| YOUR GOAL |
Exactly the lines from the one with "this 1600×1200 image." through the final line of the entries, and nothing else, should appear in the answer; no pictures go in it.

| DATA TO EXAMINE |
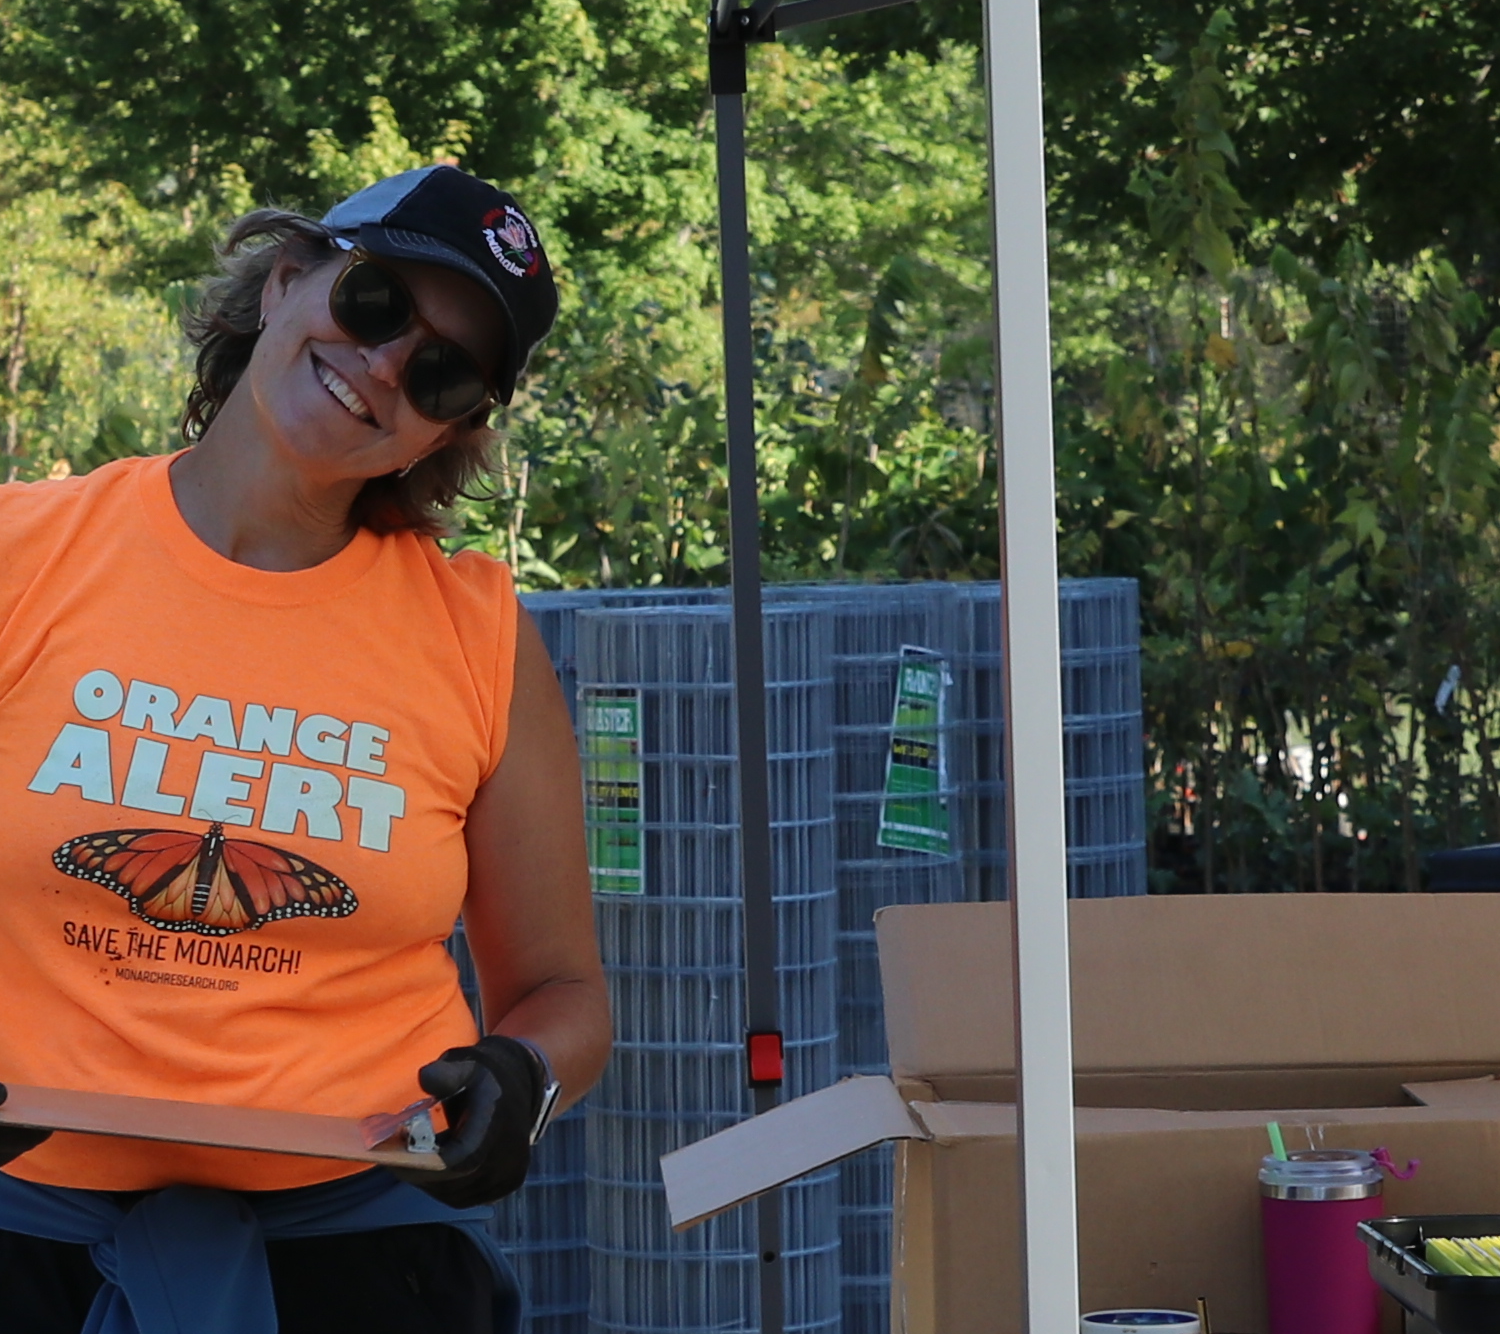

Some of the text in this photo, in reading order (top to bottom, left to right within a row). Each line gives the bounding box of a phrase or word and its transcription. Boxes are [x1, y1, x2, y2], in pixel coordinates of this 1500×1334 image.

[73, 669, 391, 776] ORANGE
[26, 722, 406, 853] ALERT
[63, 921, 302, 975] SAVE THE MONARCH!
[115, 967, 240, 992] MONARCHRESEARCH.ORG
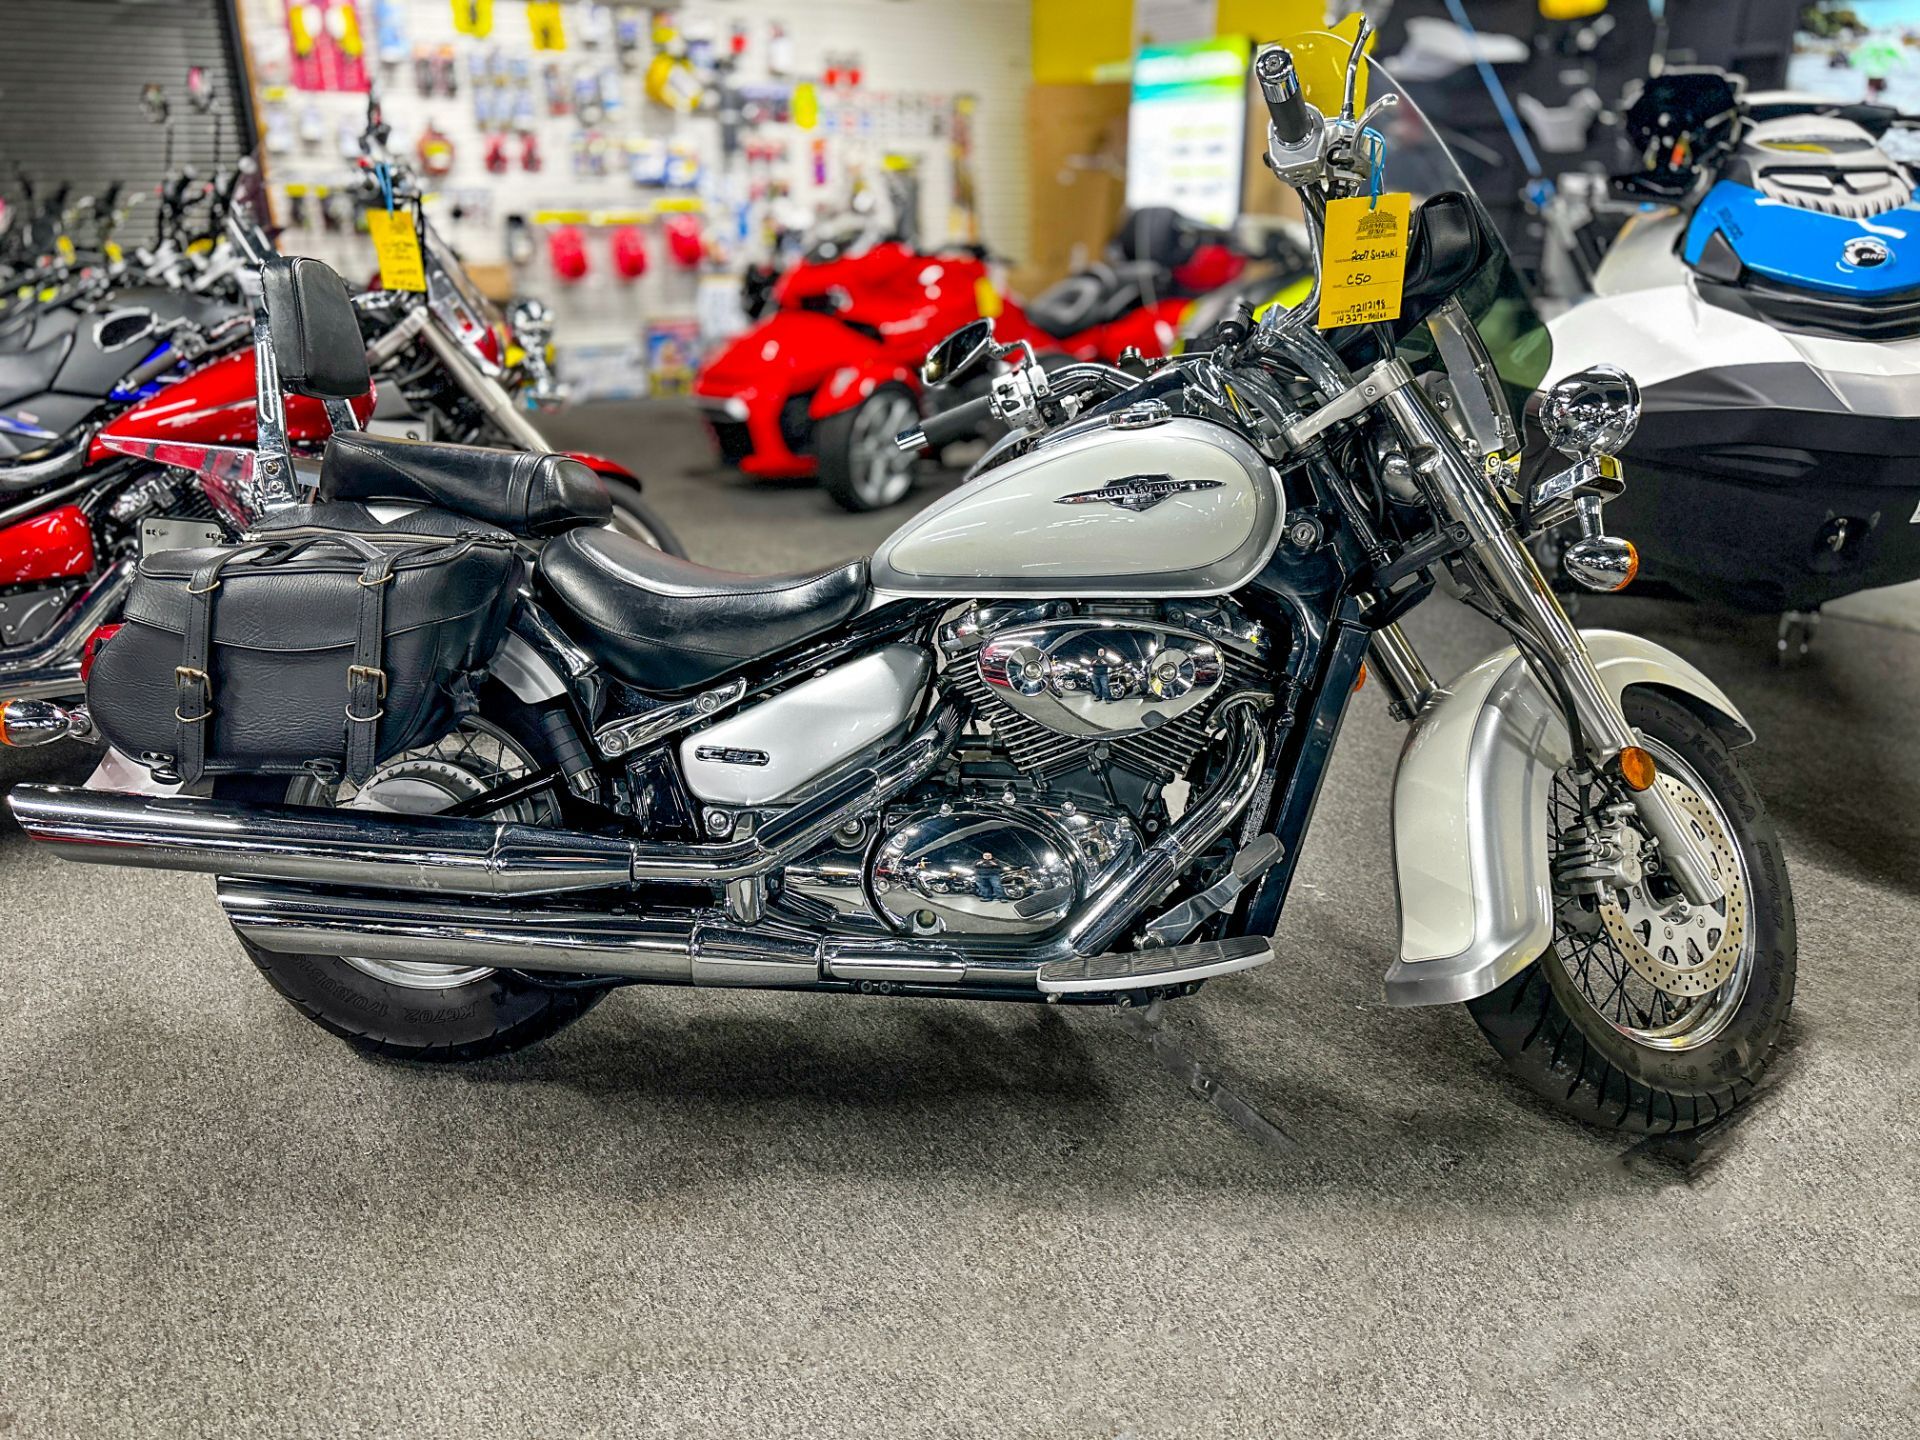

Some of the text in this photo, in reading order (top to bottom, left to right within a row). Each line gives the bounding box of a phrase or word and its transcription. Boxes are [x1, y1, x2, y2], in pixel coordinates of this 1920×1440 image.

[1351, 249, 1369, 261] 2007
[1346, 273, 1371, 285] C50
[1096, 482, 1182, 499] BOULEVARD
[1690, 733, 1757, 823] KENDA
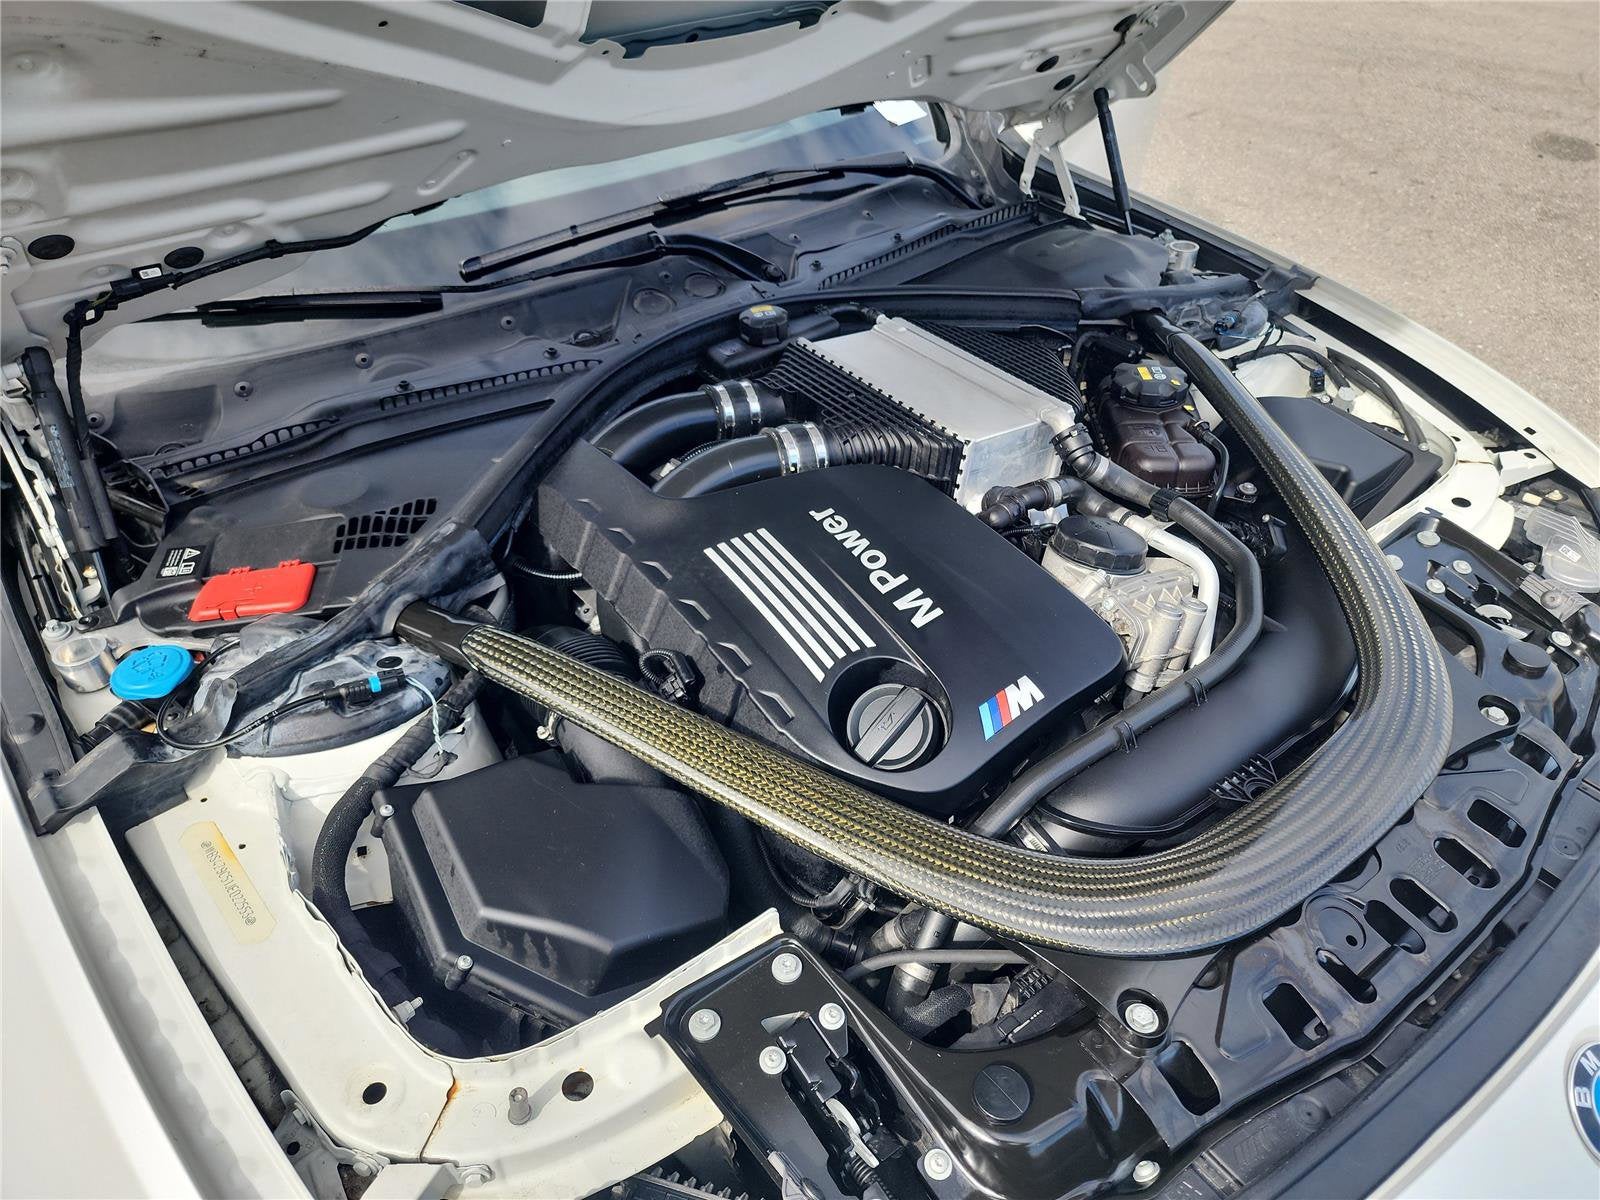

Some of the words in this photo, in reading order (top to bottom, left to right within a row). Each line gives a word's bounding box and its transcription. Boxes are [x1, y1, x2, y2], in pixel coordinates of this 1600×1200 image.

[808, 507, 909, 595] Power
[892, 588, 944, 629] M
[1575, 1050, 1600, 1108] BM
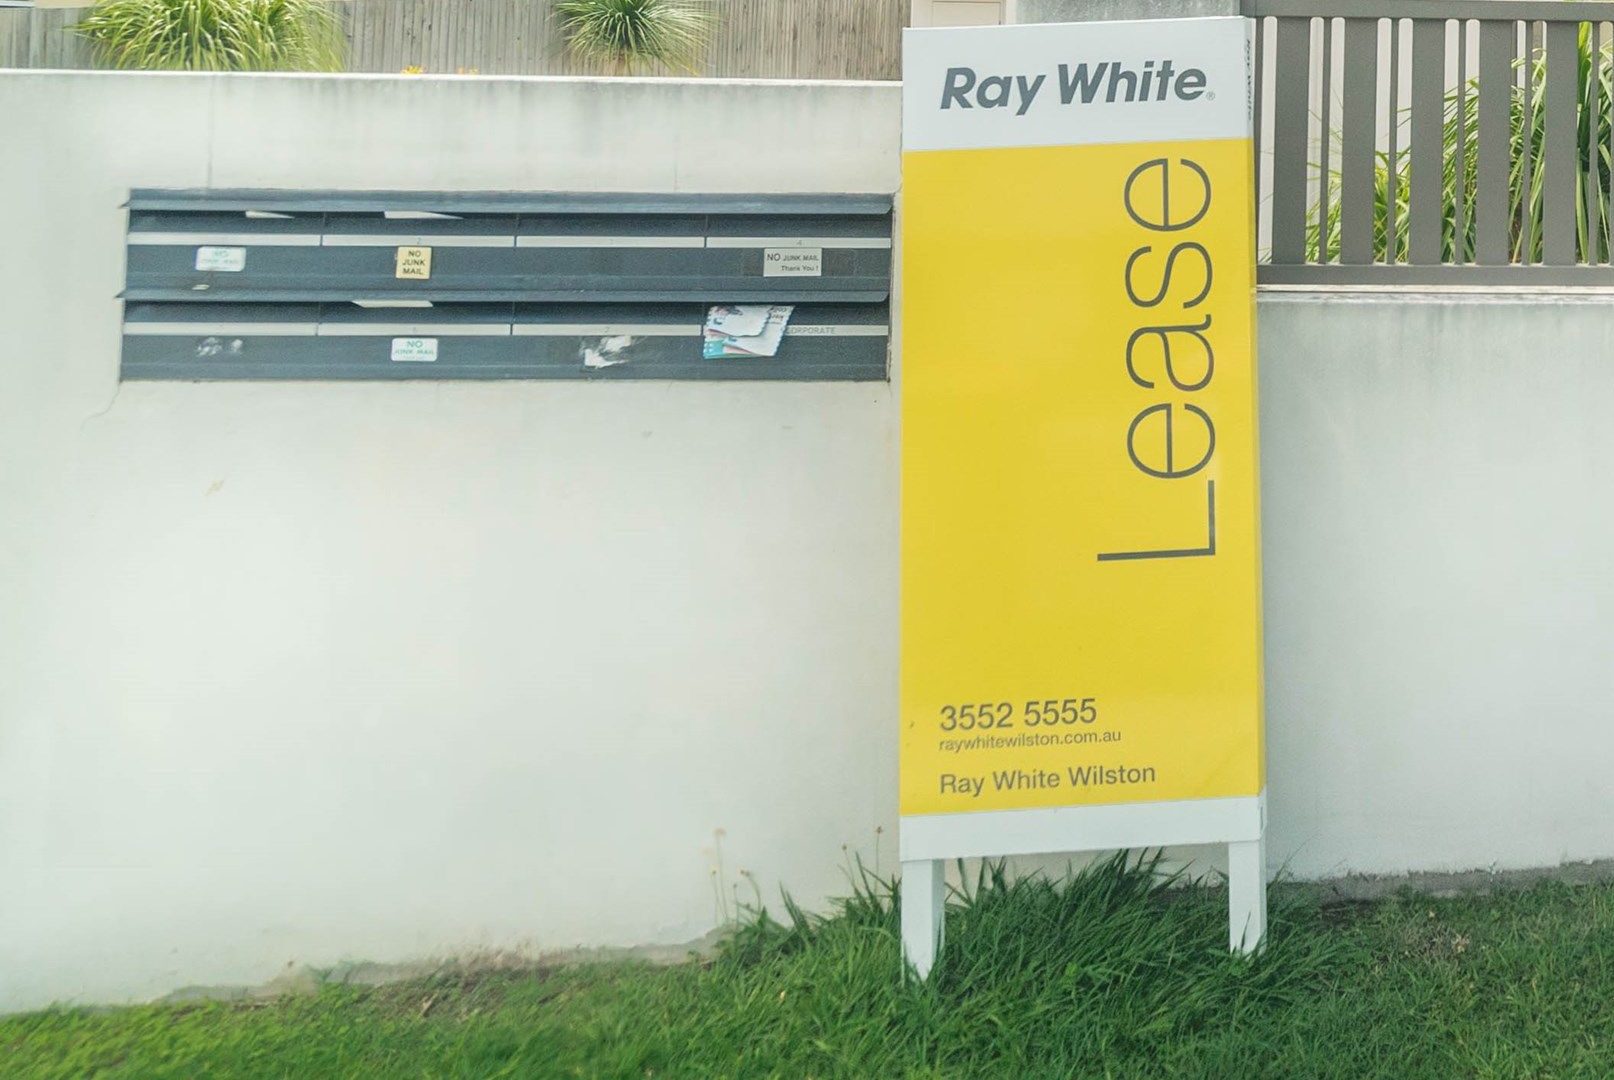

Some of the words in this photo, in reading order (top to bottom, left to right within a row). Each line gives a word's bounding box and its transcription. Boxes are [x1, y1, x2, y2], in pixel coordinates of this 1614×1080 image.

| YOUR RESPONSE |
Some of the words in this photo, in reading order (top to bottom, left to right within a row). Each line gives a word's bounding box and its transcription. Boxes are [x1, y1, x2, y2], in pixel coordinates of this 1600×1200 image.

[808, 507, 909, 595] Power
[892, 588, 944, 629] M
[1575, 1050, 1600, 1108] BM

Some of the words in this photo, in reading order (top to bottom, left to right within a row). Each line gives a word's bounding box and its transcription. Boxes are [x1, y1, x2, y2], in pixel coordinates of this 1614×1080 image.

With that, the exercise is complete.